Gene Modifies Electrophoretic Properties of Malate Dehydrogenase in Norway Spruce ( Picea abies (L.) Karst.)

The mobility of two malate dehydrogenase (MDH) isozymes (encoded by Mdh‐2 and Mdh‐3 ) was found to be altered by a modifier gene designated Mm(2,3) in an electrophoretic analysis of megagametophytes of Picea abies . This modifier gene exists in two allelic variants. The dominant allele Mmd(2,3)‐N gives rise to the common electrophoretic phenotype whereas the recessive allele Mmd(2,3)‐n produces faster migrating forms of both MDH‐2 and MDH‐3. In diploid tissues, genotypes heterozygous at Mmd(2,3) cannot be differentiated from homozygotes carrying dominant alleles. Certain allozymes encoded by Mdh2 and Mdh3 have very similar relative migration rates under the given electrophoretic conditions. If diploid tissue is analyzed, the enzyme products cannot be traced back to specific alleles. Therefore, haploid megagametophytes have to be used to identify properly MDH genotypes.
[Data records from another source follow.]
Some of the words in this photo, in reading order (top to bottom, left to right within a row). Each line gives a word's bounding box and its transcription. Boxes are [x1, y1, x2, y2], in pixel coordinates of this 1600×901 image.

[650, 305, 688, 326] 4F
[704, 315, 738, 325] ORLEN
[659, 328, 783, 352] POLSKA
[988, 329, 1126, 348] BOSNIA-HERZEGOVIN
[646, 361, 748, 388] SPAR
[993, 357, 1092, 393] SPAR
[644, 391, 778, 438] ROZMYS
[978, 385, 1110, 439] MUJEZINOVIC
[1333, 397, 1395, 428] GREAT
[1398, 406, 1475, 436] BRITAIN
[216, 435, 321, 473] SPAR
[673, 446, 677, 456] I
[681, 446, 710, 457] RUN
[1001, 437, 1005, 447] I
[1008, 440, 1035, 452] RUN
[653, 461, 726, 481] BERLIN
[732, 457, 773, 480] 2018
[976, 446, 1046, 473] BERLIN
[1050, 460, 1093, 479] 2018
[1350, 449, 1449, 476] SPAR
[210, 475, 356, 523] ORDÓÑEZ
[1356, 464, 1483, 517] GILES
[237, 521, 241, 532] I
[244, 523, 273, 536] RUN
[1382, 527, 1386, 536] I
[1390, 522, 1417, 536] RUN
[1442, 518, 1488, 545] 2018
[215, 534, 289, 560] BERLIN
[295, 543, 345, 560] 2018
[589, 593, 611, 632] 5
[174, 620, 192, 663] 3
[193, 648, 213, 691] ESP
It is suggested to analyze at least 13 megagametophytes per tree to ensure a misclassification smaller than the 5% level. Linkage of Mmd(2,3) to Aat3, Lap1, ‐2, Mdh3, Pepca, 6Pgd2, ‐3, Pgi2, Pgm1, ‐2 , and Skdh1 was tested, revealing independent segregation. One locus ( Mdh1 ) presumably codes for the cytoplasmatic form of MDH.